09 November 2019
HEADLINE MOBIL

Baterai Bermasalah, Konsumen Kirim Petisi Desak Tesla Recall Mobil Listrik


Pemilik Tesla mendesak Administrasi Keselamatan Lalu Lintas Jalan Raya Nasional (NHTSA) Amerika Serikat (AS) memaksa produsen mobil menarik kembali (recall) kendaraannya. Ini terkait cacat pada baterai mobil listrik.

Dilansir dari Carscoops, dalam pemberitahuan penyelidikan (PDF), NHTSA mengungkapkan, Kantor Investigasi Cacat menerima petisi yang meminta lembaga memeriksa pembaruan perangkat lunak pada baterai yang dikirimkan ke Tesla Model S dan Model X pada awal tahun ini.

NHTSA mengatakan petisi tersebut menuduh pembaruan mengurangi jangkauan mengemudi kendaraan yang terkena dampak. Ini disinyalir sebagai tanggapan atas kemungkinan cacat yang dapat mengakibatkan kebakaran non-tabrakan pada paket baterai yang terpengaruh.

Pemohon mengatakan, Tesla seharusnya memberi tahu NHTSA tentang cacat dan me-recall kendaraan, bukan pembaruan perangkat lunak over-the-air.

Terkait investigasi, Reuters mencatat kepatuhan ini mirip dengan gugatan class action yang diajukan di California pada musim panas ini.

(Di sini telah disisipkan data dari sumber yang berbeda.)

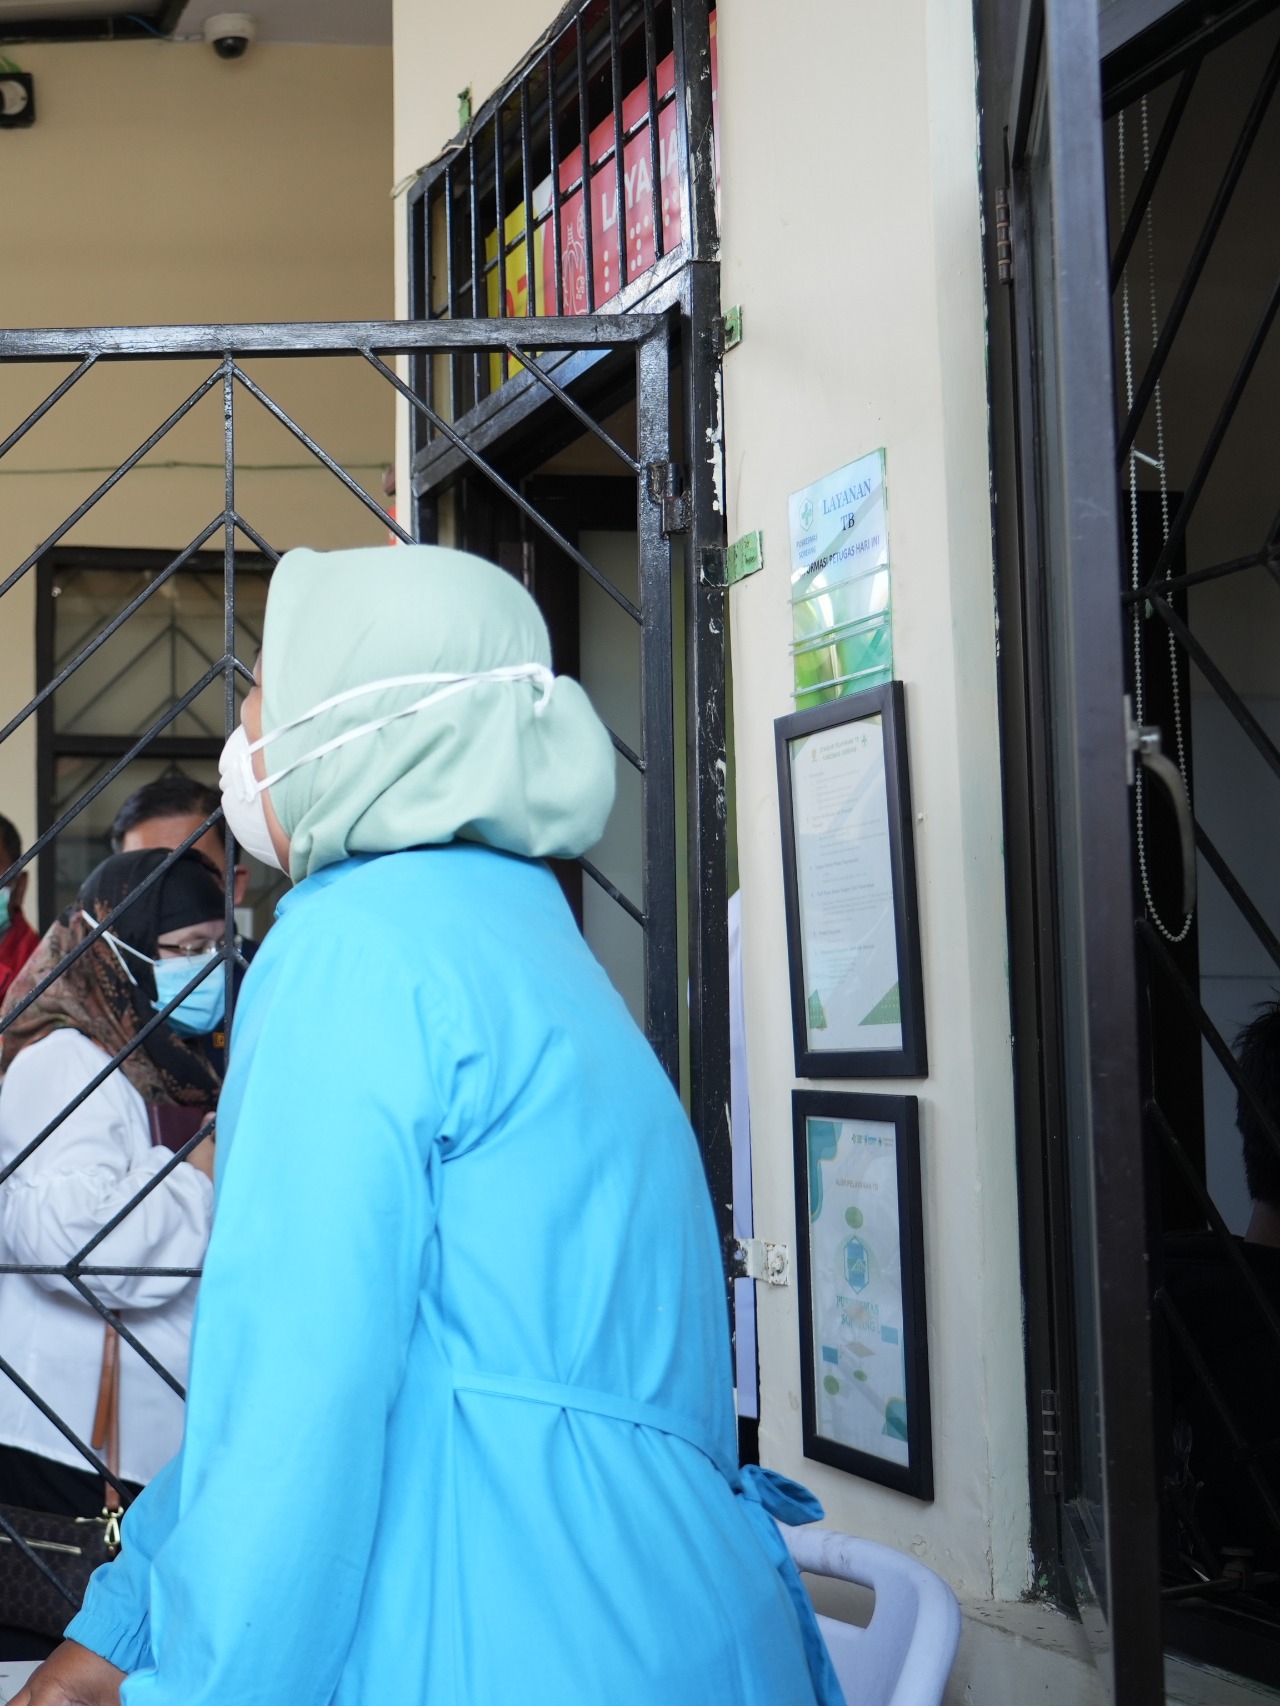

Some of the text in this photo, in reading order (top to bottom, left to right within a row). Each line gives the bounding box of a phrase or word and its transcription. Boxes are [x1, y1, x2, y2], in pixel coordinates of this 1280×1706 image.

[822, 478, 871, 515] LAYANAN
[840, 512, 855, 531] TB
[828, 545, 855, 565] PETUGAS
[855, 538, 870, 555] HARI
[871, 534, 880, 549] INI

Gugatan konsumen mengklaim Tesla tahu sebagian baterainya rusak dan mengirimkan pembaruan untuk menghindari penggantian paket baterai berdasarkan garansi.

Mereka menganggap pembaruan akan berdampak negatif pada daya jangkau dan kinerja kendaraan yang terkena dampak.

Secara khusus, gugatan itu mengatakan pembaruan membatasi kapasitas baterai kWh sehingga rentang mengemudi lebih rendah. Selain itu, mereka mengklaim kecepatan pengisian baterai berkurang sehingga membutuhkan waktu lebih lama untuk mengisi ulang.

Investigasi masih dalam tahap awal dan belum jelas apakah Tesla bersalah. Namun, Pemerintah mengatakan, masalah ini berdampak pada sekitar 2.000 kendaraan dari model 2012-2019.